Ce qui caractérise cette équipe, au-delà du fait que nous avons respecté la parité hommes-femmes qui est importante, c’est le fait qu’elle rassemble des hommes et des femmes qui ont des parcours riches sur le plan universitaire, qui ont déjà permis d’accompagner un certain nombre de réalisations dans l’établissement et qui sont motivés et disponibles. L’autre élément qui a présidé au choix de la composition de l’équipe était de réunir à la fois des collègues très aguerris d’expériences et d’autres qui en ont un petit peu moins. J’ai souhaité favoriser l’émergence d’une nouvelle génération d’acteurs et d’actrices au sein de celle-ci. Cela me parait important de laisser la possibilité à de nouveaux collègues de prendre un certain nombre de responsabilités dans le projet que nous devons conduire durant les 4 années qui viennent.
Cette constitution de l’équipe présidentielle a été réalisée au moment même de mon acte de candidature, afin de pouvoir travailler en équipe pour formuler notre projet, que j’ai, par la suite, eu l’occasion de présenter aux administrateurs.
Ce projet s’articule autour de plusieurs axes. Quelle est votre vision de la nouvelle politique de site ?

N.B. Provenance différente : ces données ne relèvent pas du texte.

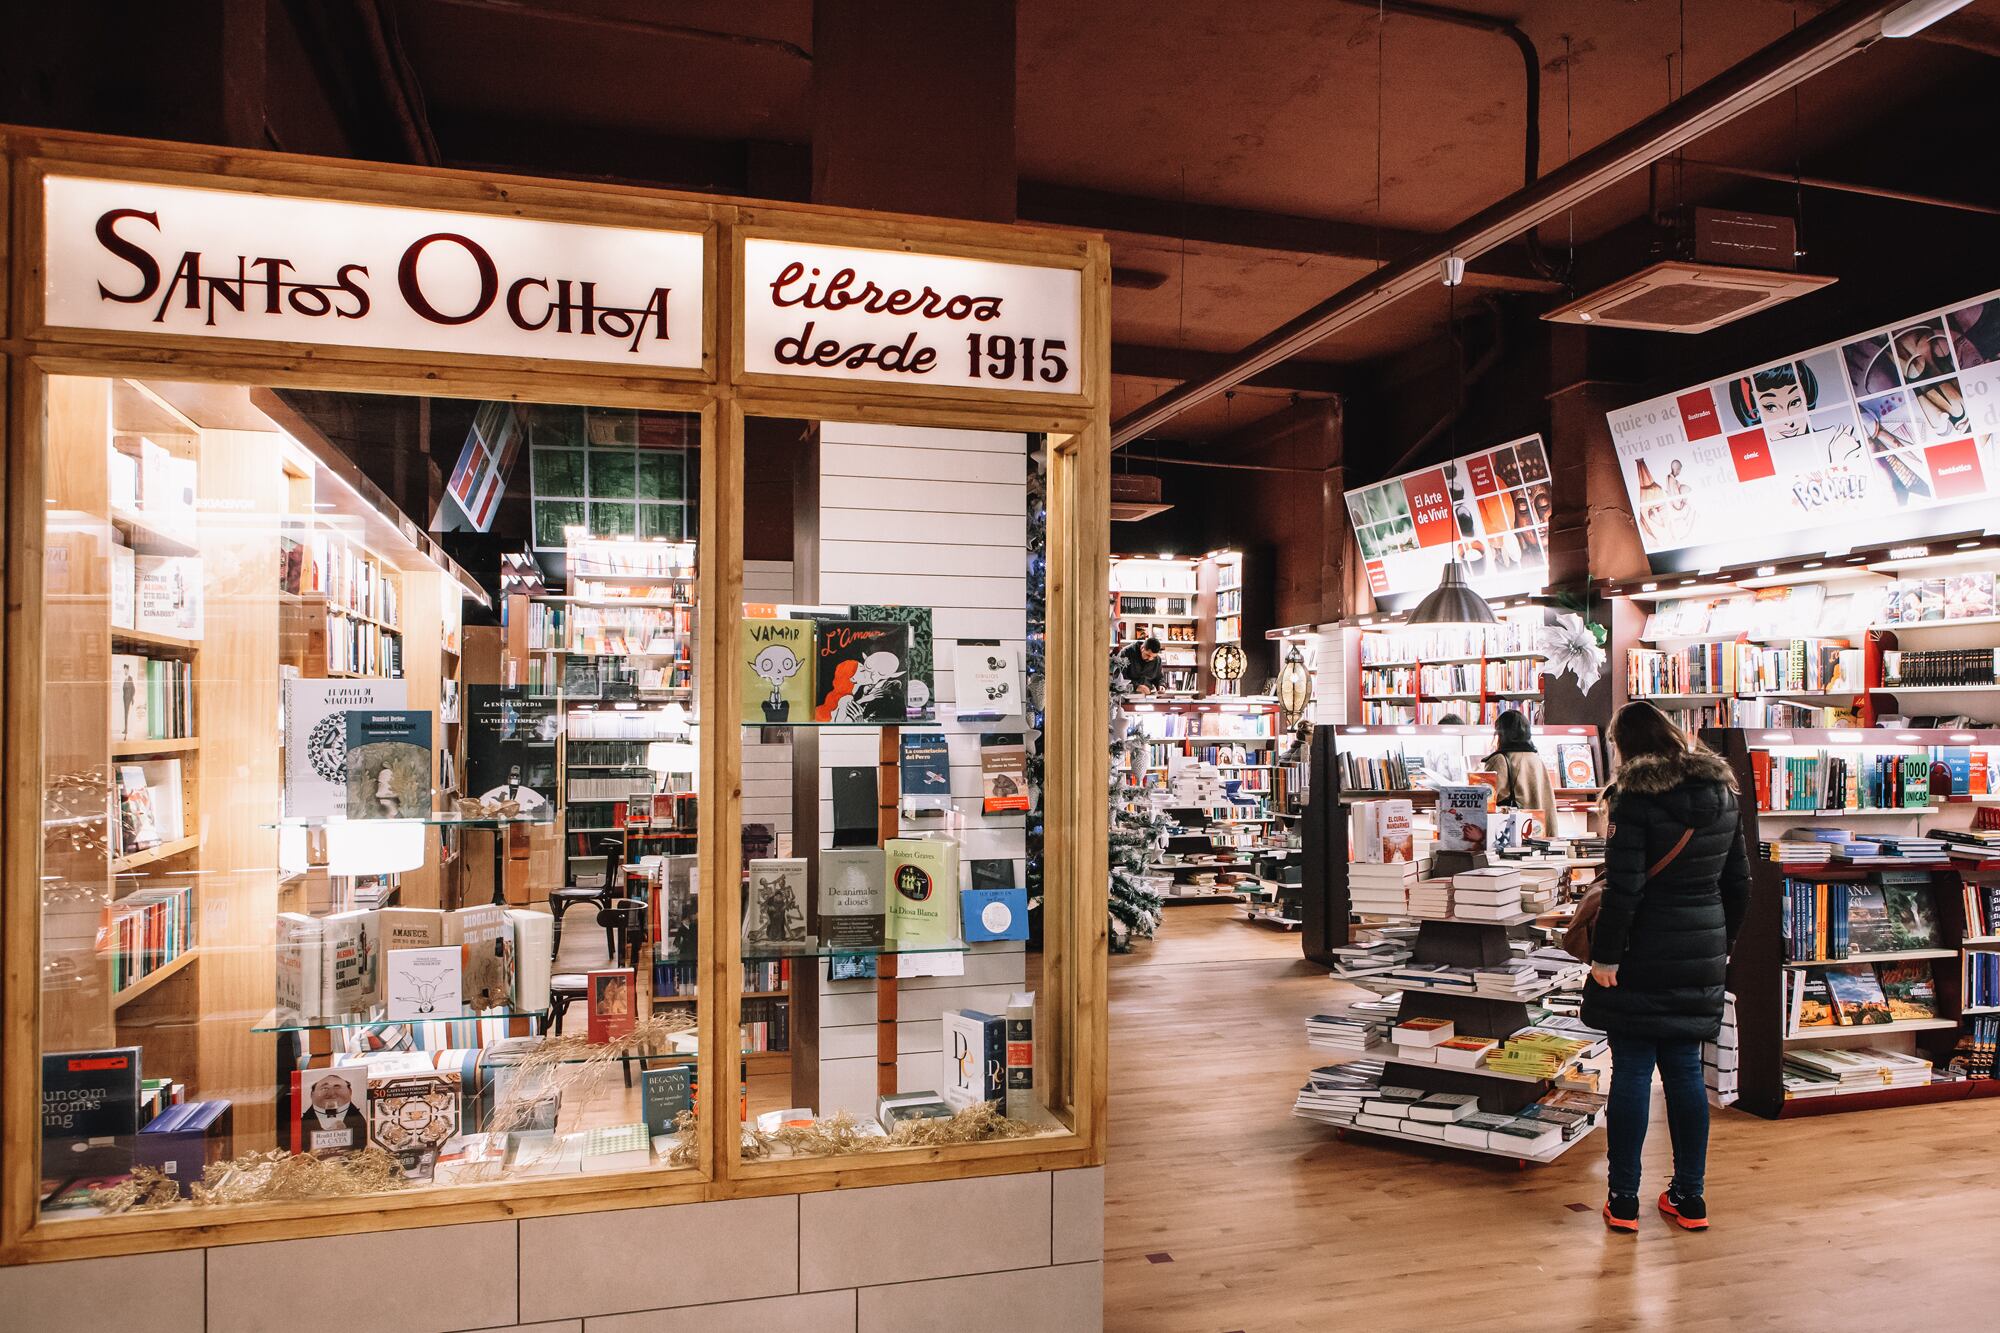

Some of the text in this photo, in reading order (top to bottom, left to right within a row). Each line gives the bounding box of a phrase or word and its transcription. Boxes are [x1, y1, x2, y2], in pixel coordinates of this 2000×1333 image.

[770, 262, 1004, 322] libreros
[774, 321, 1069, 384] desde 1915
[1414, 492, 1443, 509] El Arte
[1417, 507, 1448, 525] de Vivir
[750, 625, 800, 642] VAMPIR
[1905, 761, 1928, 777] 1000
[1450, 800, 1482, 808] AZUL
[893, 850, 935, 860] Robert Graves
[828, 886, 878, 896] De animales
[844, 897, 869, 906] dioses
[889, 906, 938, 917] La Diosa Blanca
[649, 1073, 685, 1085] BEGOÑA
[43, 1088, 107, 1102] uncom
[373, 1090, 386, 1099] 50
[316, 1138, 326, 1146] LA

C’est celle d’une Université ouverte à une nouvelle politique de site dans le respect de son identité et de sa personnalité morale et juridique. Nous souhaitons rester des acteurs de la politique de site Lyon Saint-Étienne et continuer à travailler avec l’ensemble des acteurs universitaires sur le territoire lyonnais et stéphanois. Le deuxième élément qui caractérise la politique que l’on veut mettre en place sur ce premier axe c’est d’accepter de travailler sur le temps long. Nous avons besoin aujourd’hui de quitter cette agitation permanente pour reconstruire une politique scientifique sur le long terme.
L’étudiant apparait au centre du projet porté par la nouvelle équipe présidentielle ?

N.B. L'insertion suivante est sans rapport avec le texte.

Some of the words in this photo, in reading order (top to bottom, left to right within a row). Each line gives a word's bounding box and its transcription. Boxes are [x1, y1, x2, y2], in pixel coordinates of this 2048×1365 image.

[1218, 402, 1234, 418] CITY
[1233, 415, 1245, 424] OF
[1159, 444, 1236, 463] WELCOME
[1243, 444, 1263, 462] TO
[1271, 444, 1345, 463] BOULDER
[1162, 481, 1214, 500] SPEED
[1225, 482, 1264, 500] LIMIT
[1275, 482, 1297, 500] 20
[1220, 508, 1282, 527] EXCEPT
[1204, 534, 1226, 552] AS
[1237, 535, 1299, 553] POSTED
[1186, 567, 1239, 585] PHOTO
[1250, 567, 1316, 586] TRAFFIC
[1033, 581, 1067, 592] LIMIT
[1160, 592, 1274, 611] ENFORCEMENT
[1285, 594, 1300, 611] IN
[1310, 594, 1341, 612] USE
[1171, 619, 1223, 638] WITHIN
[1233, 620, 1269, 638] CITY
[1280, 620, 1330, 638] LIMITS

Oui. Nous avons la responsabilité de « construire une Université qui fait plus et mieux pour ses étudiants » par des actions concrètes. Nous plaçons les étudiants au cœur de nos préoccupations, de nos politiques et de nos actions. Les exemples sont très nombreux mais l’orientation sera un point primordial dans notre projet. Nous avons la volonté d’être plus près des lycées, pour aider les futurs étudiants à choisir leur orientation, en participant à des forums, des séminaires, des réunions d’orientation.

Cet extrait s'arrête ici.